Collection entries
────

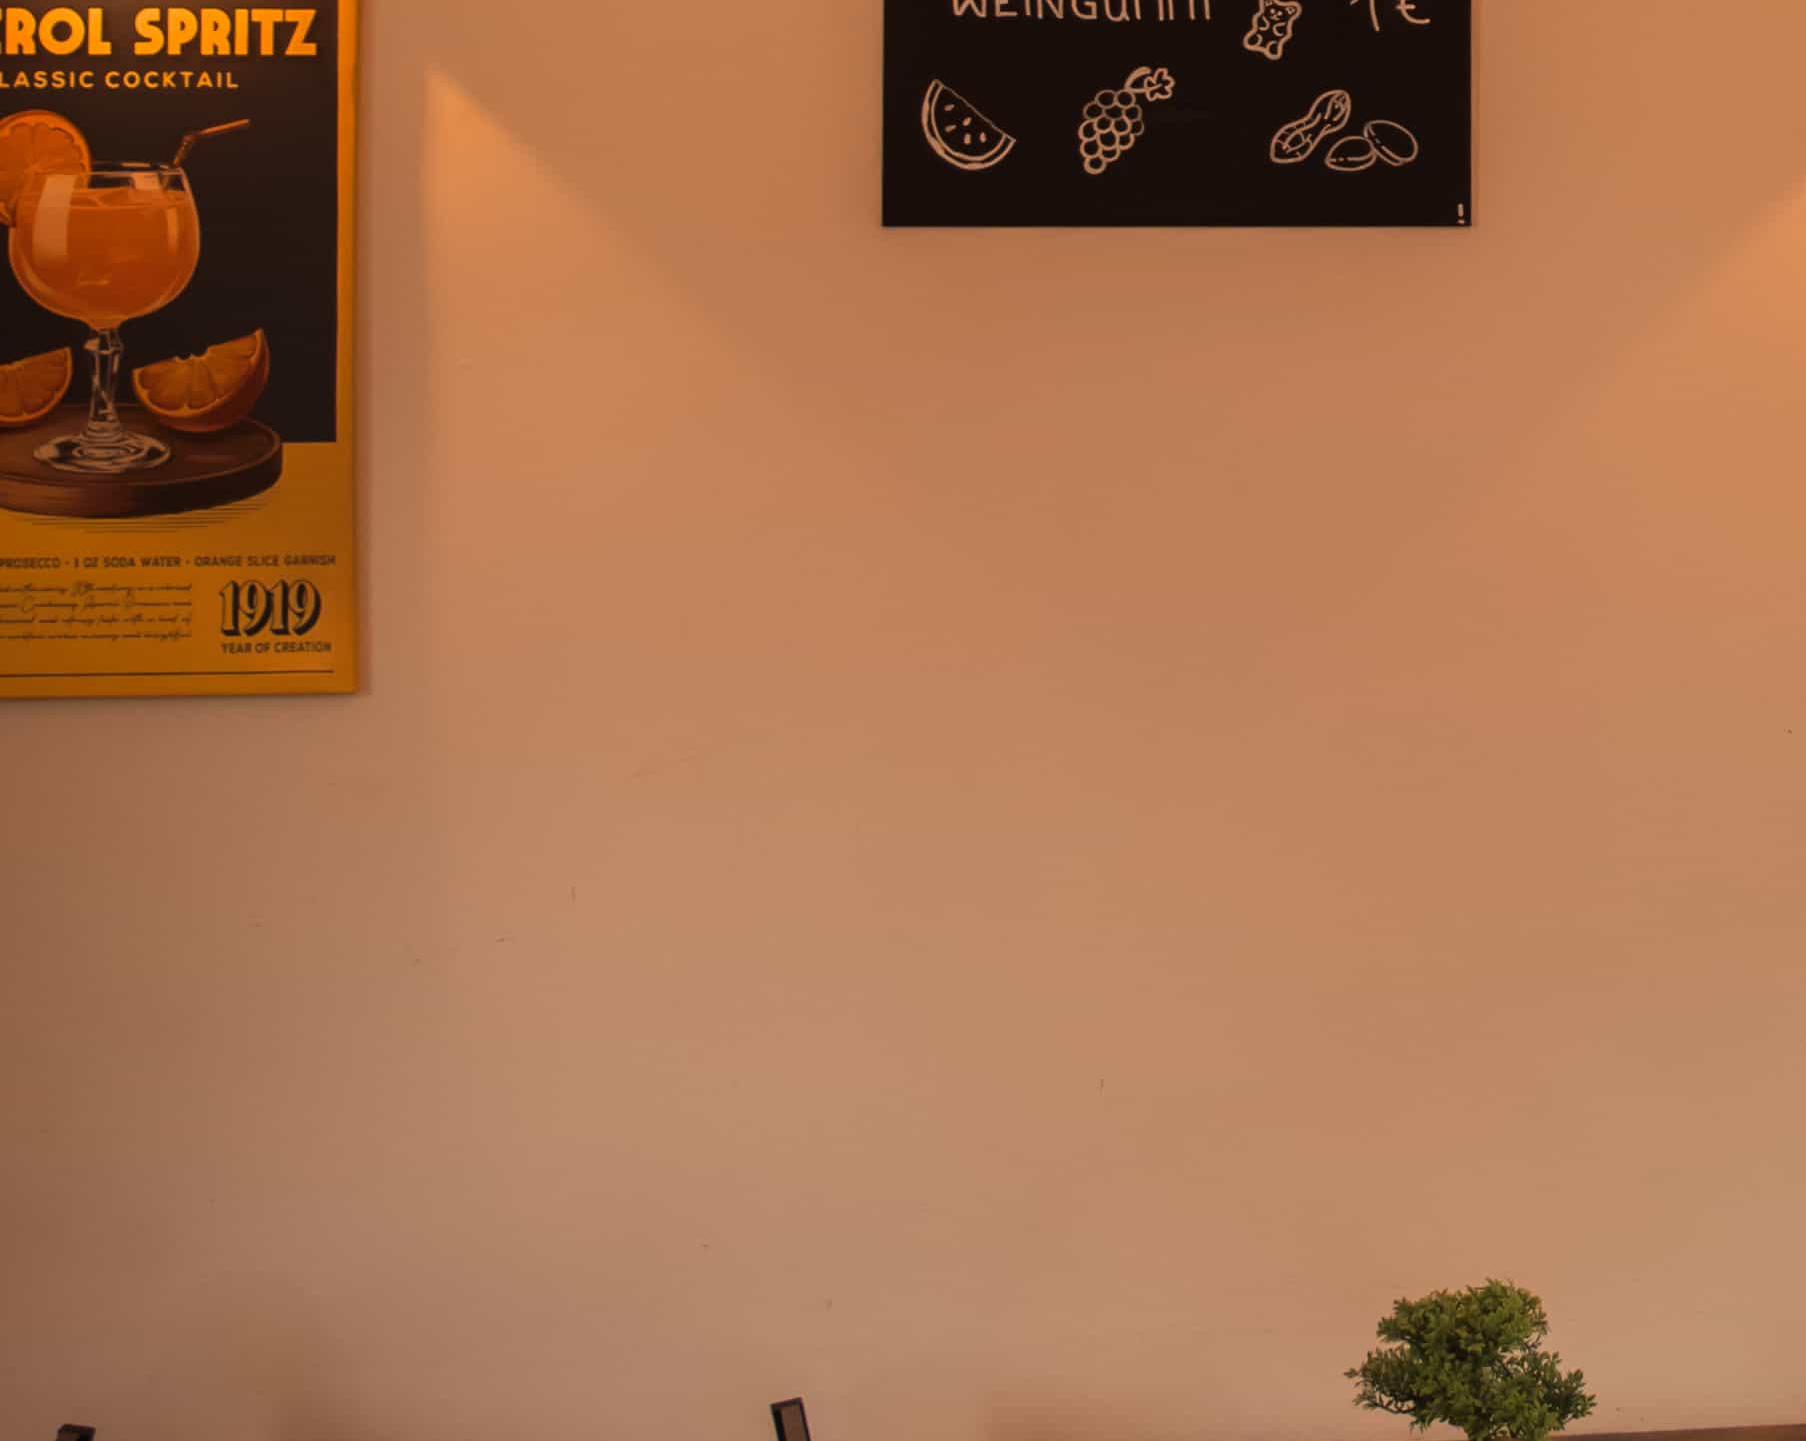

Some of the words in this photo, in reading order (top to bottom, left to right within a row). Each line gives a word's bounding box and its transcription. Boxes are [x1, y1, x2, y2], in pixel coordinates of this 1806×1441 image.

[0, 7, 112, 55] ROL
[134, 7, 318, 56] SPRITZ
[104, 71, 239, 89] COCKTAIL
[83, 556, 98, 568] OZ
[103, 556, 136, 568] SODA
[140, 555, 181, 568] WATER
[194, 555, 242, 567] ORANGE
[247, 554, 279, 567] SLICE
[219, 579, 322, 637] 1919
[222, 642, 252, 654] YEAR
[254, 642, 270, 654] OF
[274, 641, 332, 653] CREATION

────

WHAT TO WORK ON: Restate each record from above word for word, excluding any picture it holds.

SOLVED EXERCISE:
Some of the words in this photo, in reading order (top to bottom, left to right within a row). Each line gives a word's bounding box and its transcription. Boxes are [x1, y1, x2, y2], in pixel coordinates of this 1806×1441 image.

[0, 7, 112, 55] ROL
[134, 7, 318, 56] SPRITZ
[104, 71, 239, 89] COCKTAIL
[83, 556, 98, 568] OZ
[103, 556, 136, 568] SODA
[140, 555, 181, 568] WATER
[194, 555, 242, 567] ORANGE
[247, 554, 279, 567] SLICE
[219, 579, 322, 637] 1919
[222, 642, 252, 654] YEAR
[254, 642, 270, 654] OF
[274, 641, 332, 653] CREATION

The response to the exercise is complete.